To nobody's surprise, Sheppard used NewsBusters posts on May 3 and May 4 to tout claims made by various global warming skeptics during CNN Headline News host Glenn Beck's anti-global warming special. Also to no one's surprise, Sheppard doesn't say a thing about the energy industry links and previous misleading claims made by those same skeptics Beck featured in his special.

One of them is Timothy Ball, whose claims Sheppard touted in posts on Feb. 5 and Feb. 14. But as the DeSmog Blog noted, despite promoting himself as "the first Canadian PhD in Climatology," the record suggests a paucity of published scholarly research on the subject. Another entry makes the point clearer, claiming that "Dr. Ball has not published any research in a peer-reviewed science journal in the last 20 years."

Another is Bjorn Lomborg, whose claims Sheppard noted in his May 4 post. As Media Matters noted, Lomborg wrote a book that purported to conduct a "non-partisan analysis" of environmental data, concluding that claims about global warming were overblown. But in January 2002, Scientific American ran a series of articles from four well-known environmental specialists that lambasted Lomborg's book for "egregious distortions," "elementary blunders of quantitative manipulation and presentation that no self-respecting statistician ought to commit," and sections that were "poorly researched and ... rife with careless mistakes."

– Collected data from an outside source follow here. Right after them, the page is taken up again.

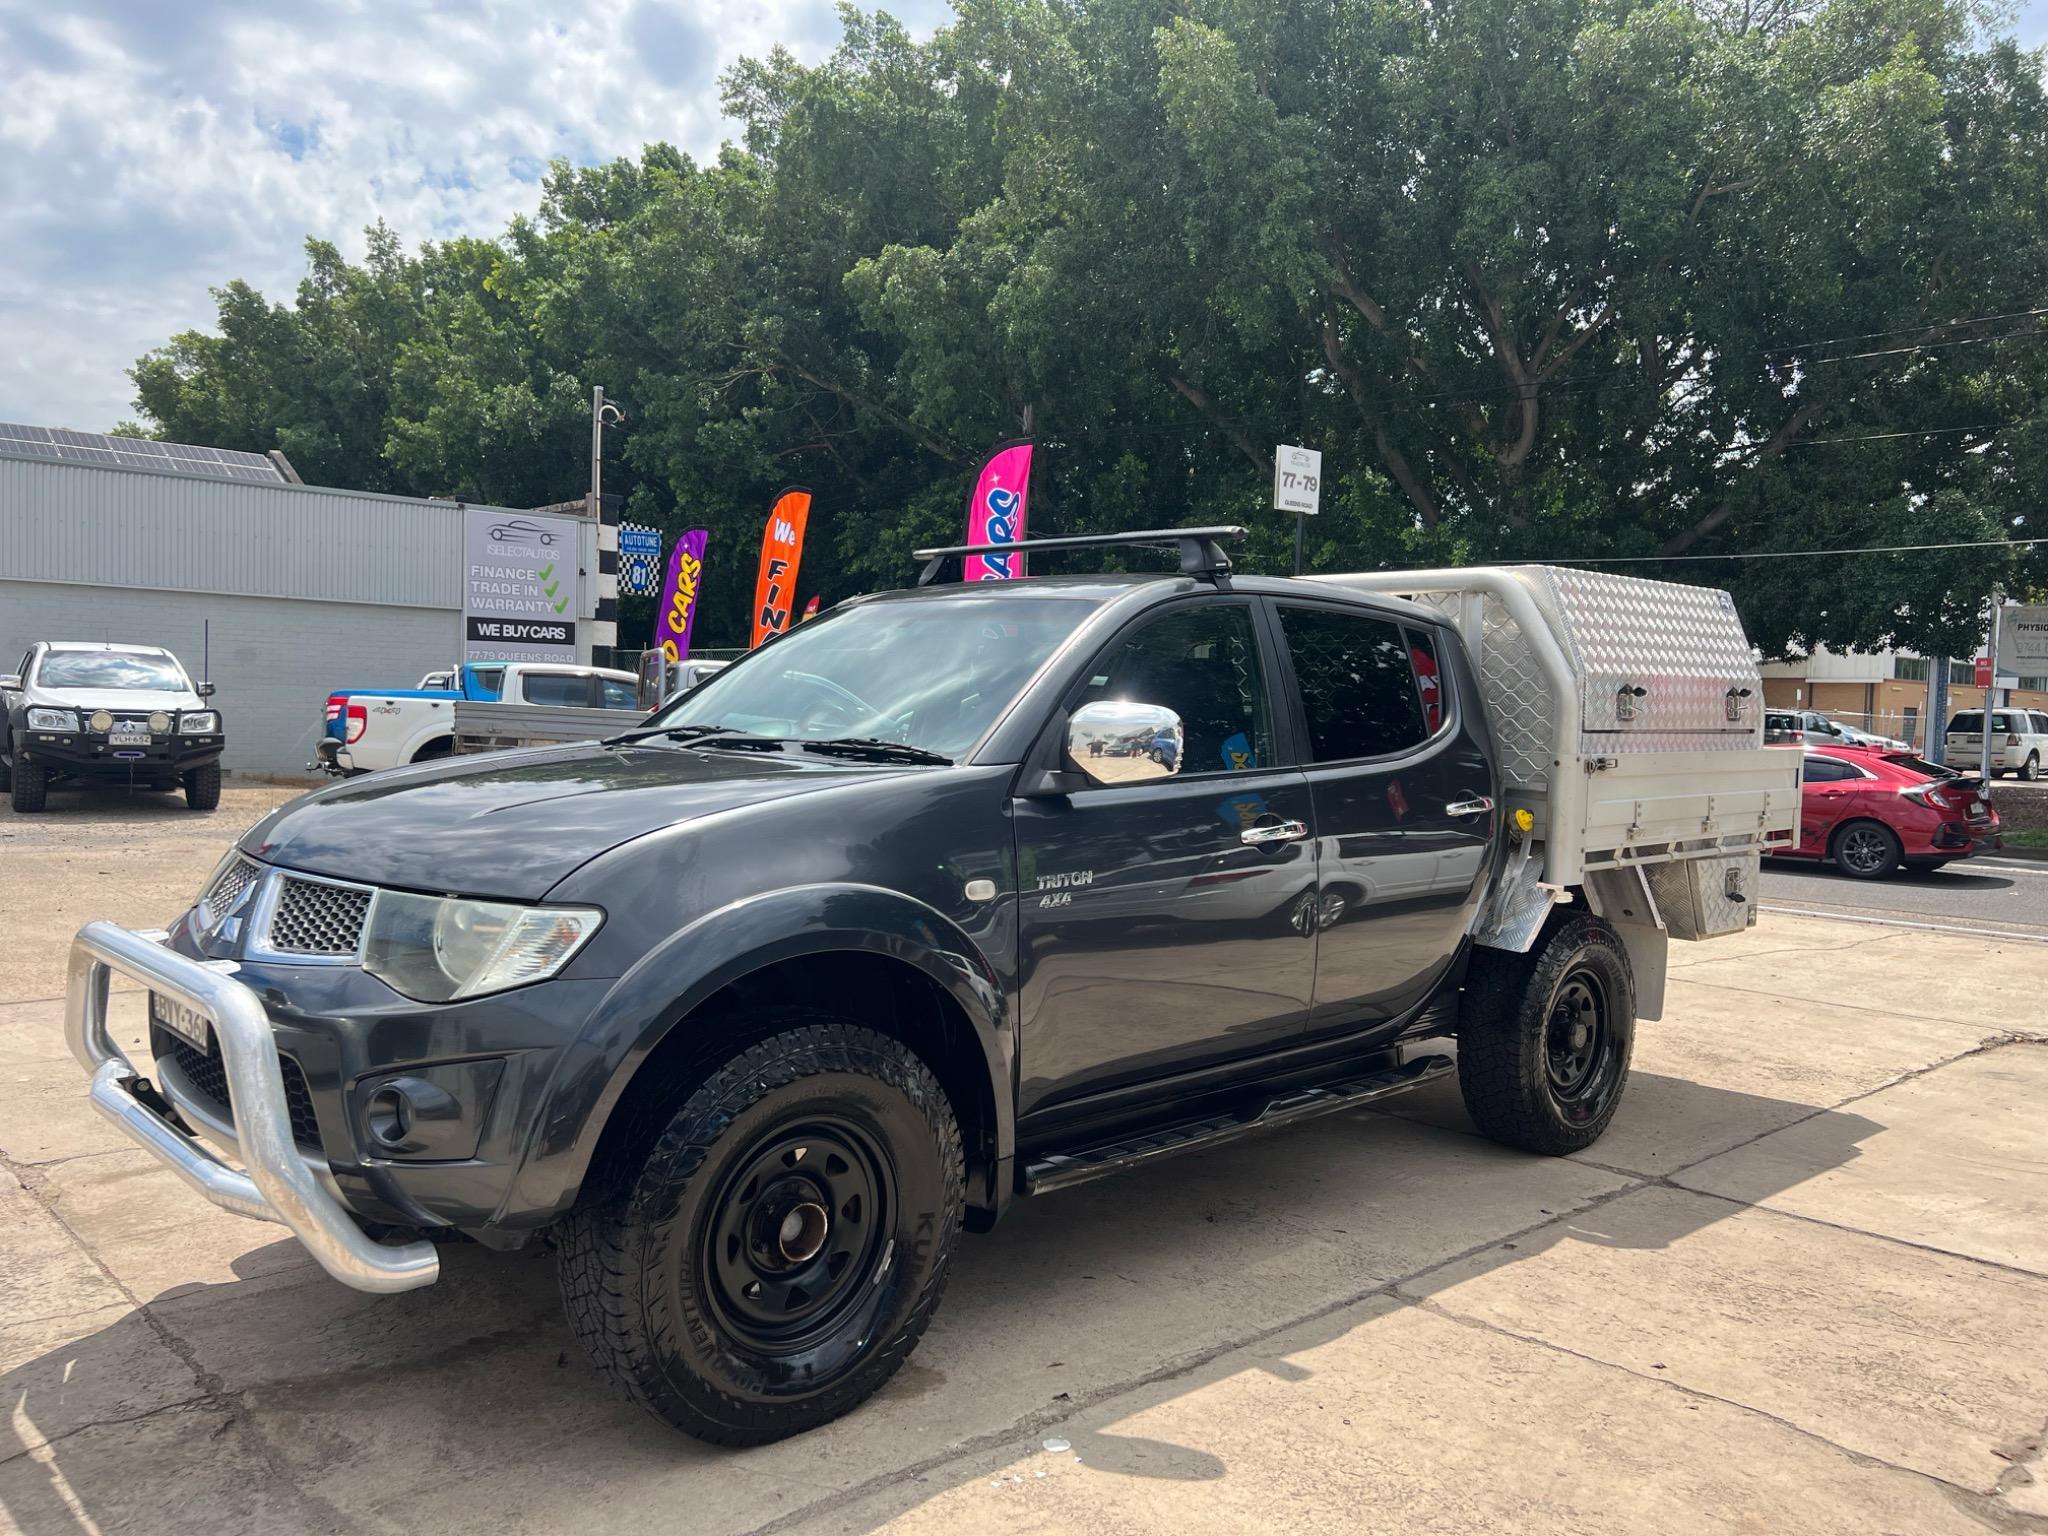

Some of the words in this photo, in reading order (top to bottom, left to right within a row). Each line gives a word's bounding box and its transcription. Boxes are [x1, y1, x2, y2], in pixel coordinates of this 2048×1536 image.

[774, 518, 795, 546] We
[981, 487, 1020, 579] ARS
[624, 534, 658, 548] AUTOTUNE
[471, 565, 536, 581] FINANCE
[631, 565, 646, 586] 81
[471, 581, 521, 596] TRADE
[524, 584, 538, 597] IN
[668, 553, 701, 633] CARS
[471, 596, 554, 613] WARRANTY
[478, 623, 500, 636] WE
[502, 624, 530, 638] BUY
[530, 625, 566, 640] CARS
[468, 650, 496, 660] 77-79
[498, 651, 544, 662] QUEENS
[544, 653, 574, 664] ROAD
[1037, 870, 1093, 890] TRITON

A June 5 post by Sheppard claimed that the Center for the Study of Carbon Dioxide and Global Change -- which published a "detailed analysis" attacking claims by NASA's James Hansen about "a dire global warming future" -- is a "scientific organization." Sheppard adds: "Think this study will get much air or print space tonight or tomorrow? Neither do I." Nowhere does Sheppard mention the main reason the study will not get the attention he thinks it deserves -- the Center for the Study of Carbon Dioxide and Global Change has close ties to the energy industry, which typically funds global warming skeptics like the Center. The organization's principals -- Sherwood Idso and his sons, Craig and Keith, have all worked for the Western Fuels Association, a cooperative that supplies coal and transportation services to consumer-owned electric utilities in the western United States. Further, the organization has received $90,000 from ExxonMobil Corp. between 1998 and 2005. Sherwood Idso has defended receiving such funding, insisting that "the mere existence of funding, whether from private or public sources, does not, in and of itself, prove malfeasance on the part of the funds' recipients" (italics his). ExxonSecrets.org, though, reported that the Center "does not reveal its funding sources," which makes it difficult to judge whether how believeable Idso is on this subject.

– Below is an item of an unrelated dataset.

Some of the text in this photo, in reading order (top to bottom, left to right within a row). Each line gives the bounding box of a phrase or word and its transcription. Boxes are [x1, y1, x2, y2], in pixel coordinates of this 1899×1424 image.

Bogus 'state climatologists'

In a Feb. 7 post, Sheppard touted the case of Oregon "state climatologist" George Taylor, who was to be stripped of his "job" because he didn't "buy into the junk science of anthropogenic global warming." In fact, as Think Progress reported, there's no official Oregon "state climatologist," Taylor is not trained in climatology, and losing the honorary title will not cost him any income or his current job as a college instructor. (WorldNetDaily's Craige McMillan and CNSNews.com also repeated the bogus claims about Taylor's position.)

In a Feb. 23 post -- after citing the bogus claim about the Oregon "state climatologist" -- he repeated an article claiming that Delaware's "state climatologist," David Legates, has been ordered by the governor to "stop using his title in public statements on climate change." Sheppard added by way of weak qualification, "I haven’t been able to identify how long Legates has held this title, but it doesn’t appear to have been given to him by her." In fact, according to the newspaper article he cited (but doesn't include in his excerpt for his post), the "state climatologist" position carries no state salary or authority.